On a recent weekday evening at the Laramie Plains Civic Center, despite a ferocious wind outside, a dozen women played the soundtrack of summer mornings on alpine lakes.
The south gym was quiet except for occasional low words, the whiz of fly lines and the rattle of winding reels. The only sound missing was the splash of trout rising to feed.
Indoor casting on a winter evening is an activity that belongs to those who are optimistic summer will return to the Laramie Valley. It’s also a way for those new to fly-fishing to learn the rhythm of the sport.
University of Wyoming student Brittany Nordberg instructed a newcomer in the fine art of imitating an insect in the eyes of a hungry trout.
“When you come forward, let your line lie down,” she said.
The casting clinic was organized by Fish N’ Chicks, a fly-fishing club for women at UW. Nordberg said the club aims to encourage more women to check out an activity historically dominated by men. “Our main goal is to make it less intimidating to women and appeal to those who are beginners,” she said.
The club was founded last year, and members meet regularly for day trips, fly-tying demonstrations, lectures and casting clinics. Members planned a multi-day float trip through the Wind River Canyon for May.
According to the Outdoor Industry Foundation, about three quarters of those who participate in fly-fishing are men.
Nordberg, who started fly-fishing in high school in Cody, said the sport’s appeal doesn’t have to be gender-specific.
“Fly-fishing is peaceful activity,” she said. “I would love the idea of sharing something so awesome with other people.”
She said her favorite local fishing area is the Snowy Range, with its abundant alpine lakes.
“I feel like it’s a neat way to connect with nature,” she said.
She also loves the fly-tying side of the sport and the challenge of creating something that imitates an insect well enough to lure a trout onto the line.
“It’s amazing that you can even do that,” she said.
Carissa Cooley, a UW junior, said she’s interested in improving at the sport as a way to connect with her dad.

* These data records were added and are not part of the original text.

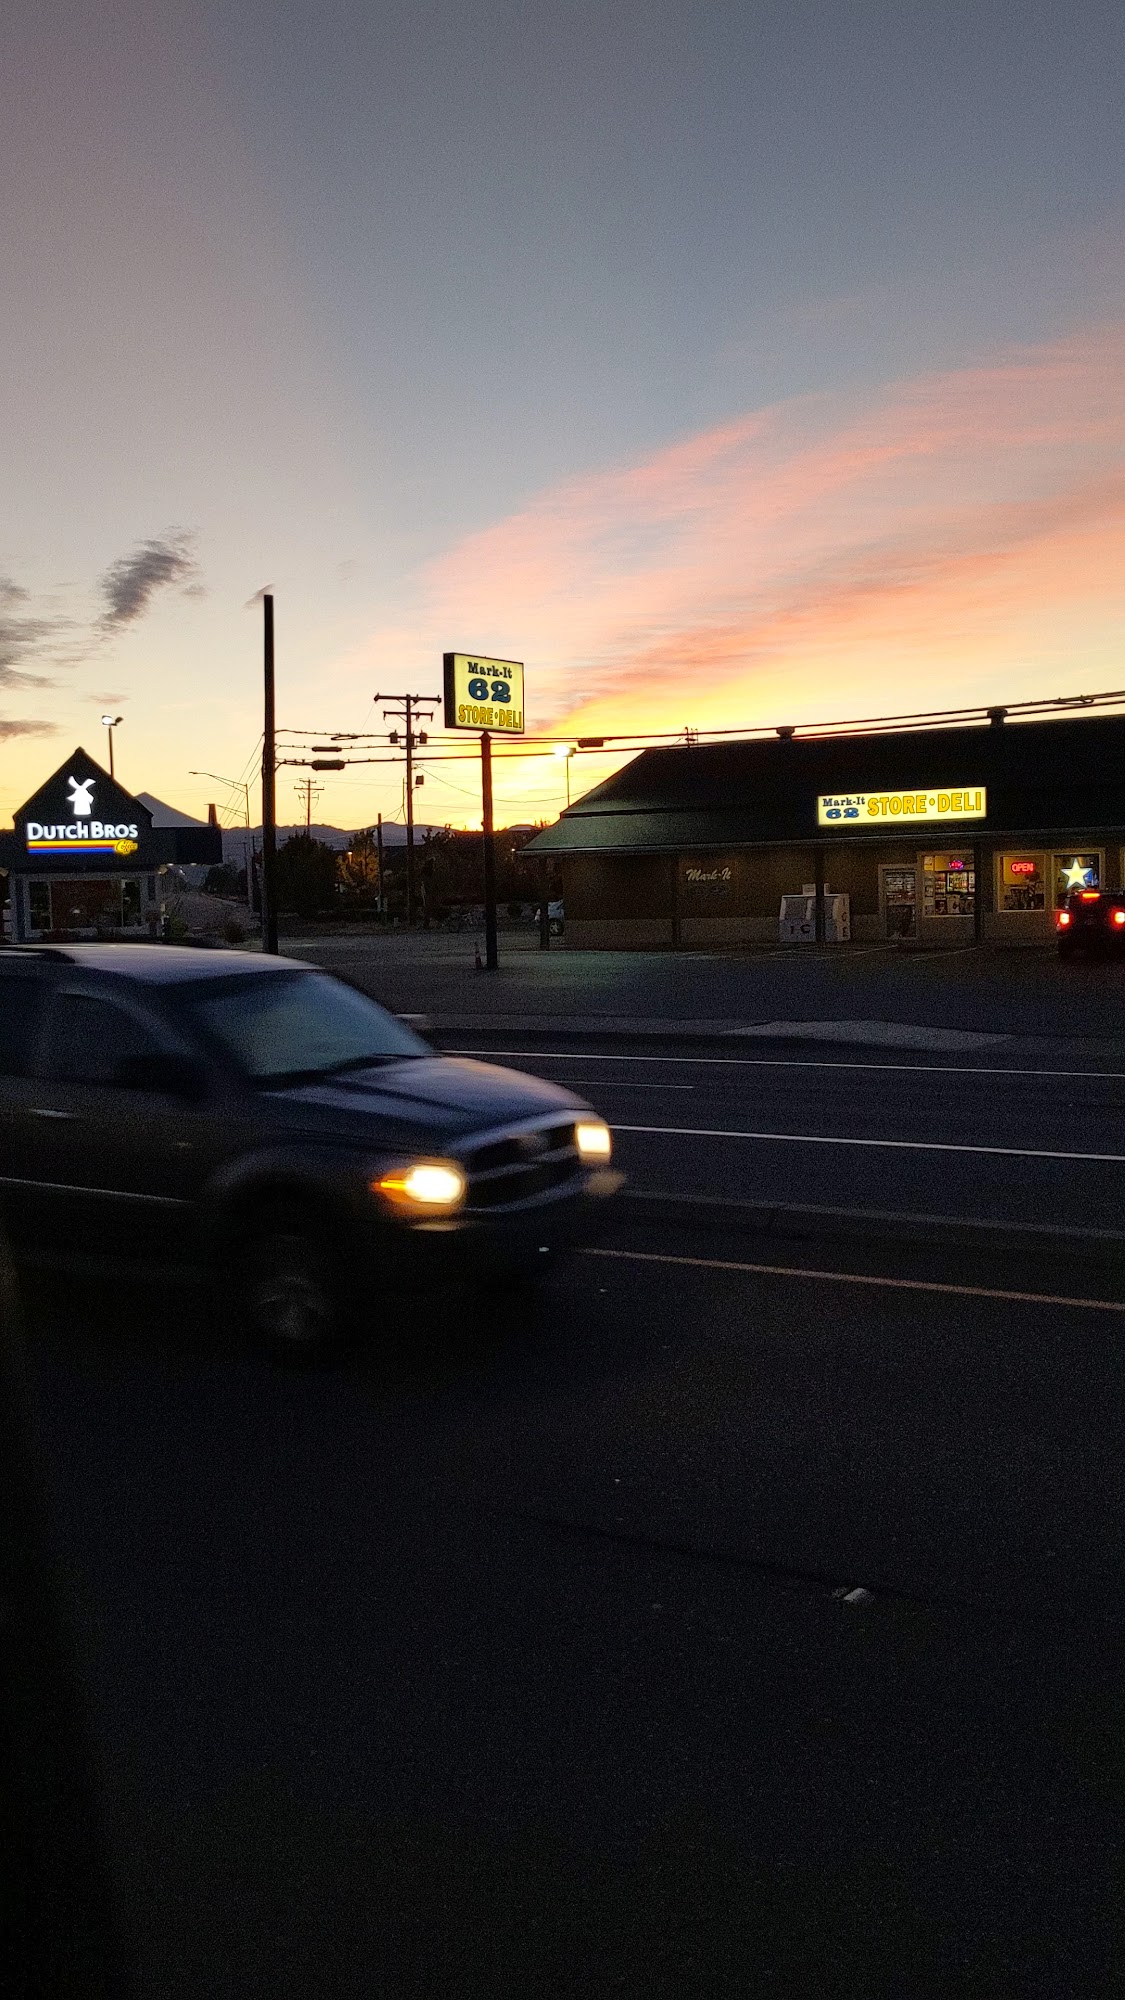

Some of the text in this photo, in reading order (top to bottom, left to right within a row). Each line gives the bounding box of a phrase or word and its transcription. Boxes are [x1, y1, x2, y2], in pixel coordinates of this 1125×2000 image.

[468, 678, 512, 703] 62
[458, 704, 522, 729] STORE DELI
[826, 807, 860, 819] 62
[867, 791, 982, 816] STORE DELI
[90, 821, 138, 839] BROS
[1011, 863, 1034, 872] OPEN
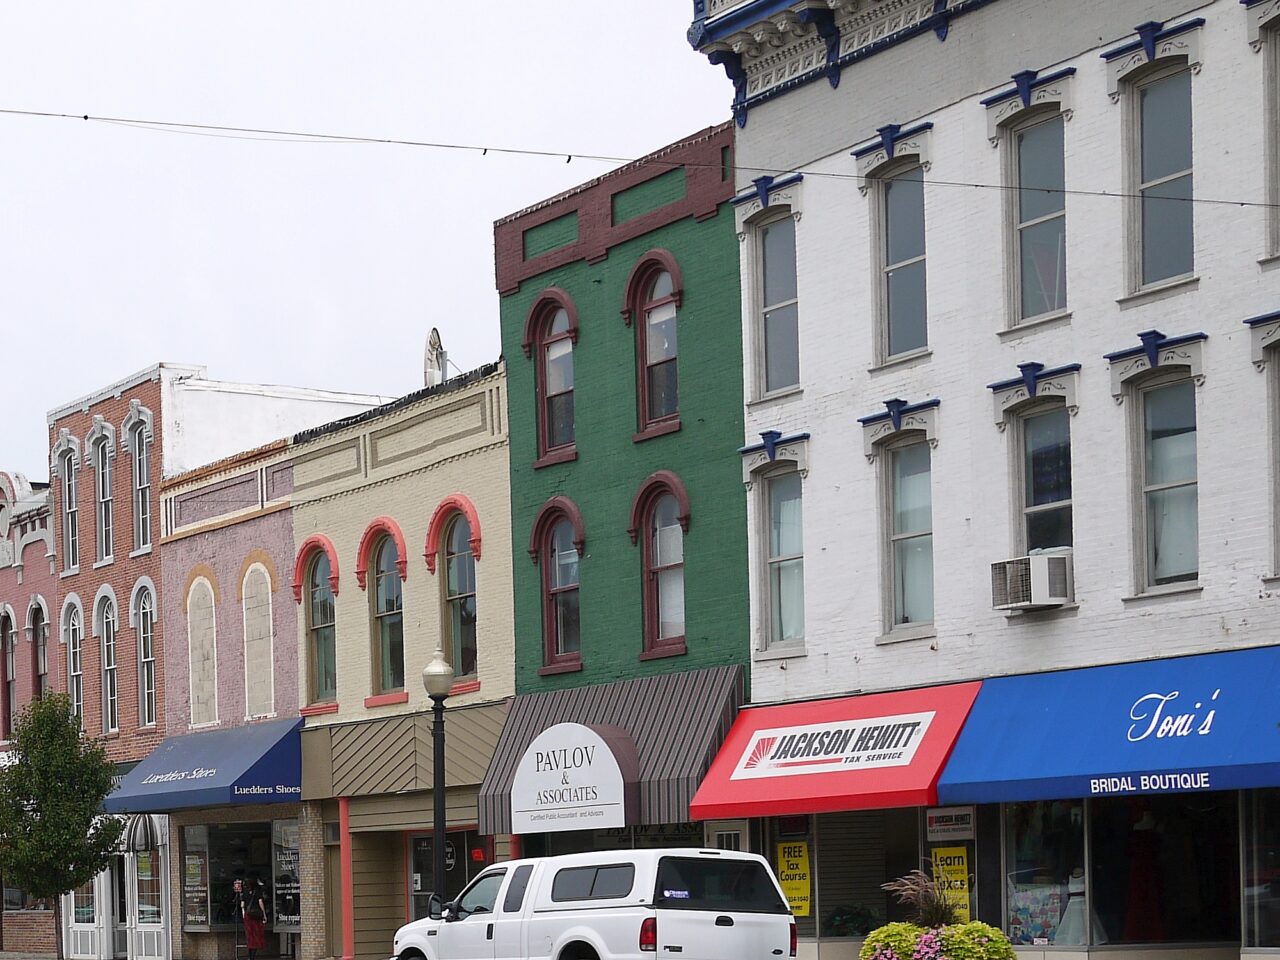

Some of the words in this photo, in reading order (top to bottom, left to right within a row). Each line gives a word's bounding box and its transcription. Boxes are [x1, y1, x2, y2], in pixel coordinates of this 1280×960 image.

“I figured if this is something I can learn here how to do it better, it’s something I can do when I go home,” she said.
She enjoys fly-fishing better than other types of fishing because of the skill and strategy required.
“You have to have more patience,” she said. “You’re luring (the fish) to you.”
For UW junior Brittany Wagler, the all-female club is a way to give women confidence.
“They can go out and fish with the guys and be just as good,” she said.
As well, Nordberg said, now she never lacks for friends interested in the same hobby.
“You always have someone to go fishing with,” she said.